(RECORDS FOR THE TASK Opens)

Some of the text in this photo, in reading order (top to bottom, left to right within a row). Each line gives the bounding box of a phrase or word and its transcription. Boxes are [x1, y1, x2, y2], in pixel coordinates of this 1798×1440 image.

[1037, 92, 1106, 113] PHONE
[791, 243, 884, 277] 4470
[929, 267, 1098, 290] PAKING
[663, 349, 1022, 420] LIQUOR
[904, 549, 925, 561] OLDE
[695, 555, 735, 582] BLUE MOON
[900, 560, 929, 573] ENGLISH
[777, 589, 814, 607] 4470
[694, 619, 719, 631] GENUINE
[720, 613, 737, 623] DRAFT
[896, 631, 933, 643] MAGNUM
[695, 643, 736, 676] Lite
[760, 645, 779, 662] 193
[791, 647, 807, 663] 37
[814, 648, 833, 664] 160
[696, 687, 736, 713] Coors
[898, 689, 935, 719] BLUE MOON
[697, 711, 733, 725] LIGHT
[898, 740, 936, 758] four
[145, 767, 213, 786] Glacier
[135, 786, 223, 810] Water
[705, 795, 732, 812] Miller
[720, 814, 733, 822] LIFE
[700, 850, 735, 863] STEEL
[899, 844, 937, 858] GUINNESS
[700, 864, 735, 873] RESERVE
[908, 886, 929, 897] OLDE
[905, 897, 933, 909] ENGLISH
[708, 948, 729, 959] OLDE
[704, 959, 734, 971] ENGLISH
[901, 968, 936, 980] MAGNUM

(RECORDS FOR THE TASK Closes)

PROBLEM REQUIREMENTS -> Take the entries above and write them out again unchanged.

TASK ANSWER ->
Some of the text in this photo, in reading order (top to bottom, left to right within a row). Each line gives the bounding box of a phrase or word and its transcription. Boxes are [x1, y1, x2, y2], in pixel coordinates of this 1798×1440 image.

[1037, 92, 1106, 113] PHONE
[791, 243, 884, 277] 4470
[929, 267, 1098, 290] PAKING
[663, 349, 1022, 420] LIQUOR
[904, 549, 925, 561] OLDE
[695, 555, 735, 582] BLUE MOON
[900, 560, 929, 573] ENGLISH
[777, 589, 814, 607] 4470
[694, 619, 719, 631] GENUINE
[720, 613, 737, 623] DRAFT
[896, 631, 933, 643] MAGNUM
[695, 643, 736, 676] Lite
[760, 645, 779, 662] 193
[791, 647, 807, 663] 37
[814, 648, 833, 664] 160
[696, 687, 736, 713] Coors
[898, 689, 935, 719] BLUE MOON
[697, 711, 733, 725] LIGHT
[898, 740, 936, 758] four
[145, 767, 213, 786] Glacier
[135, 786, 223, 810] Water
[705, 795, 732, 812] Miller
[720, 814, 733, 822] LIFE
[700, 850, 735, 863] STEEL
[899, 844, 937, 858] GUINNESS
[700, 864, 735, 873] RESERVE
[908, 886, 929, 897] OLDE
[905, 897, 933, 909] ENGLISH
[708, 948, 729, 959] OLDE
[704, 959, 734, 971] ENGLISH
[901, 968, 936, 980] MAGNUM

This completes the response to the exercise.